Le Dahar, un domaine continental à l’Ère Tertiaire et au Quaternaire
Depuis la fin de l’Ère secondaire et suite au mouvement de soulèvement de la bordure septentrionale de la plate forme-saharienne, le Djebel Dahar est devenu une terre ferme jusqu’à nos jours. Le mouvement de soulèvement a conduit à la constitution d’un bombement de l’ensemble de la région sous la forme d’un pli anticlinal dont la moitié orientale a été effondrée donnant lieu à la plaine de la Jeffara. Par contre, la moitié occidentale restant intacte correspond au Djebel Dahar. Elle a été soumise, depuis environ 60 millions d’années, à l’action de l’érosion. Le ruissellement a progressivement, à partir du Dahar vers l’Est et l’Ouest et accessoirement vers le Nord, excavé les couches géologiques accumulées durant les Ères précédentes. Ainsi, des vallées se sont enfoncées dans le relief que constitue le Djebel Dahar. L’élargissement de ces vallées a conduit à la formation de cuvettes, tandis qu’à l’Est, l’escarpement né de l’effondrement du bloc de la Jeffara recule lentement vers l’Ouest. Ce mouvement de recul et de creusement dans des couches formées de roches de résistance différente à l’érosion a permis le dégagement de buttes en avant de plusieurs escarpements constituant les fronts de relief typique (cuesta). Les matériaux résultant de cette action d’érosion exercée dans les vallées, dans les cuvettes ainsi que sur les versants des escarpements, ont été évacués par le ruissellement essentiellement vers le compartiment effondré de la Jeffara et en partie vers l’Ouest en bordure du Grand Erg Oriental.

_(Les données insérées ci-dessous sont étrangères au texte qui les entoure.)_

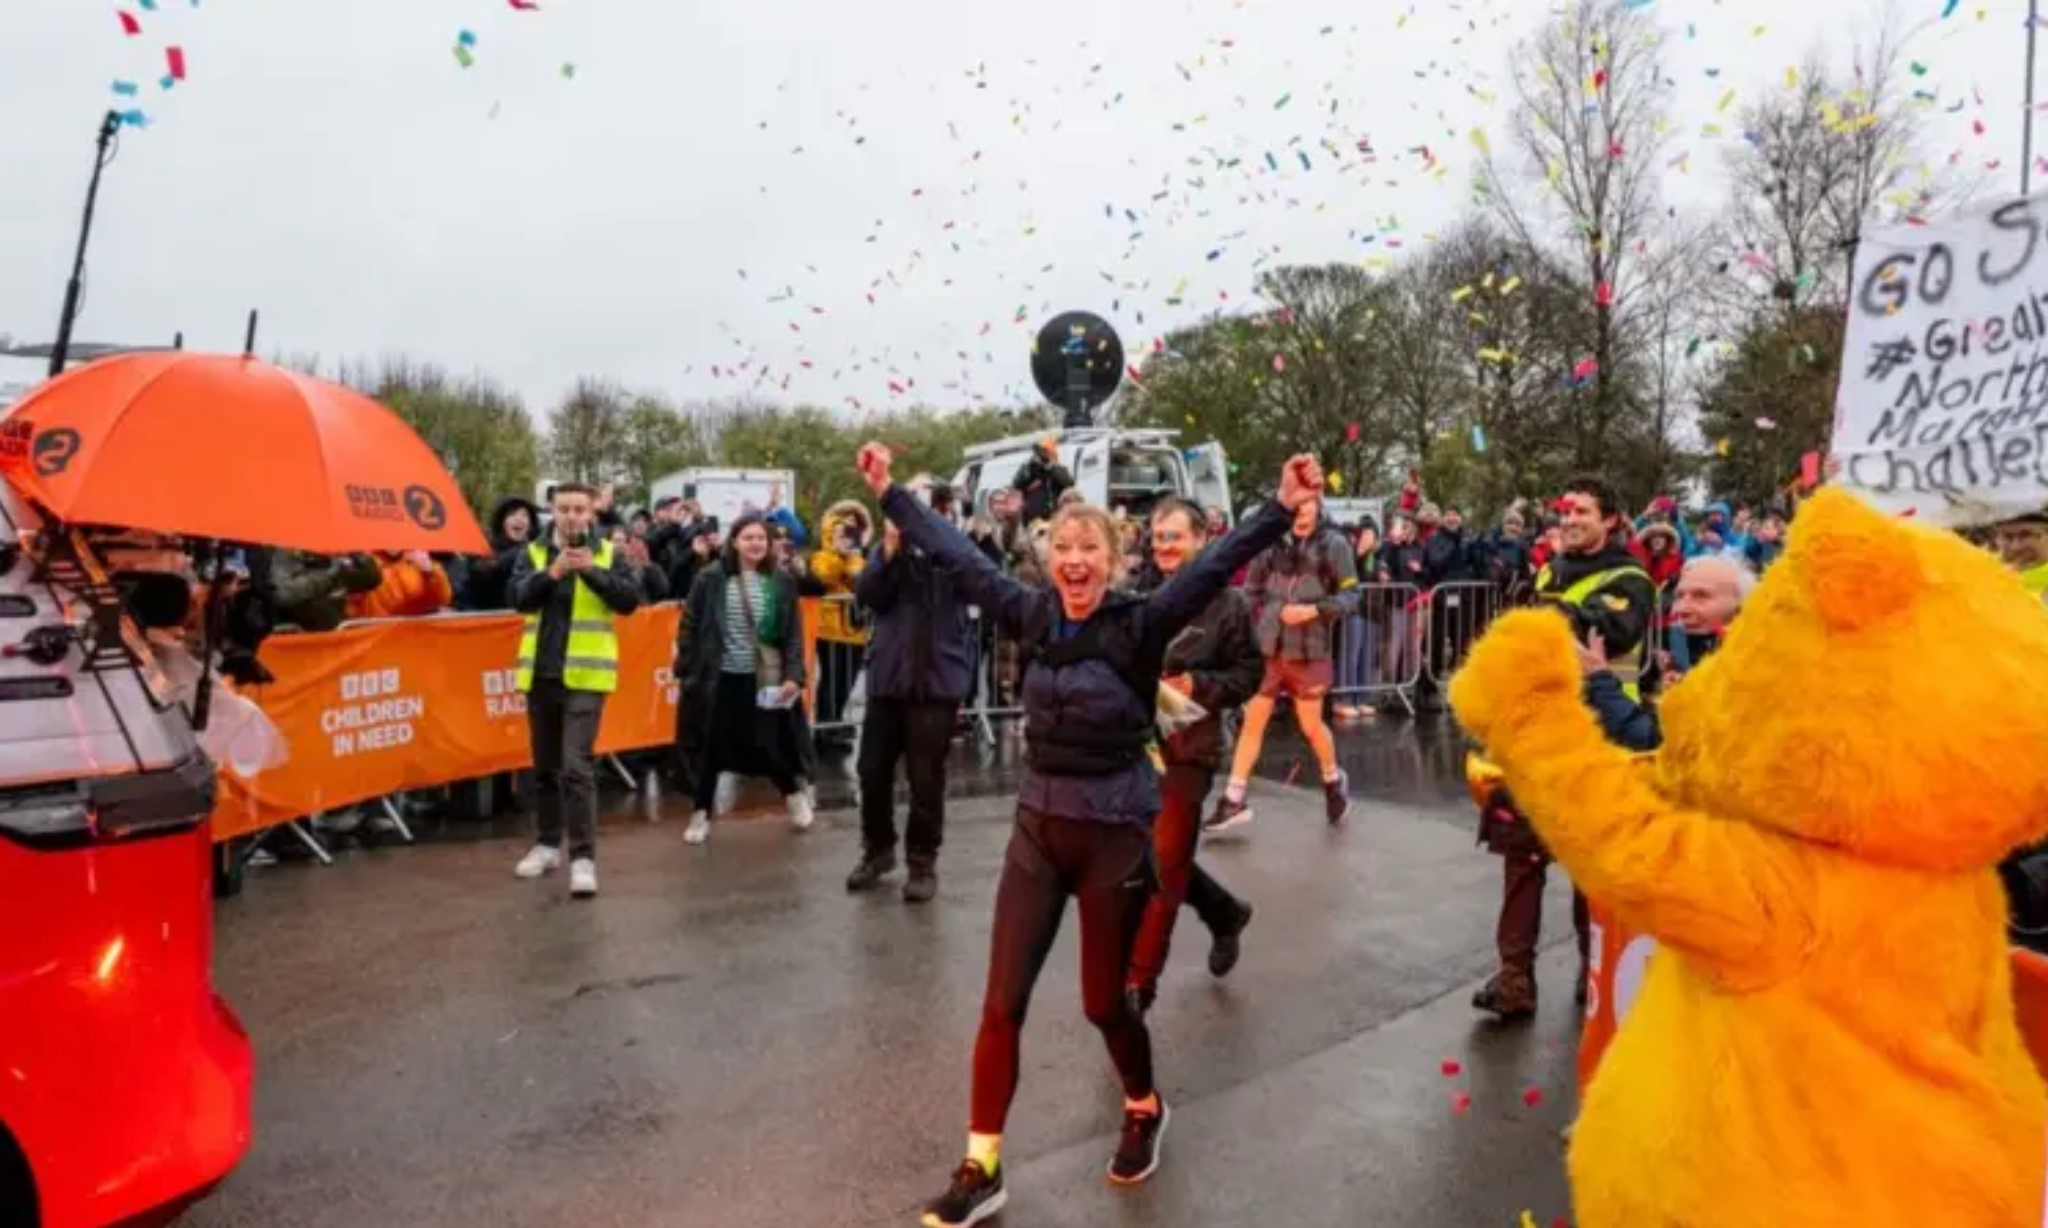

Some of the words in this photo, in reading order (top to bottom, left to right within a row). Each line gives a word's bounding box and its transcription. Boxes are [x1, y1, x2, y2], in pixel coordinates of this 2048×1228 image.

[1859, 242, 1953, 317] GO
[1976, 199, 2048, 286] S
[1894, 350, 2048, 410] North
[341, 666, 400, 701] BBC
[320, 695, 424, 735] CHILDREN
[483, 693, 528, 718] RAD
[332, 732, 354, 758] IN
[357, 722, 414, 752] NEED

Au cours de l’Ère quaternaire, les cuvettes et les vallées du Dahar ont été le siège d’accumulation de sables fins et de limons déposés par le vent. Ces sédiments proviennent des environs du Dahar, essentiellement du Grand Erg Oriental. Un climat plus humide que l’actuel a favorisé le développement d’une végétation plus dense piégeant des sables fins et des limons. Ces dépôts peuvent atteindre plus de 20 m d’épaisseur particulièrement dans les cuvettes aux alentours de Matmata, comme c’est le cas à Beni Issa. Ils ont été, durant l’Histoire humaine et jusqu’à nos jours, d’une importance capitale pour le peuplement de la région aussi bien pour l’habitat que pour la pratique de l’agriculture.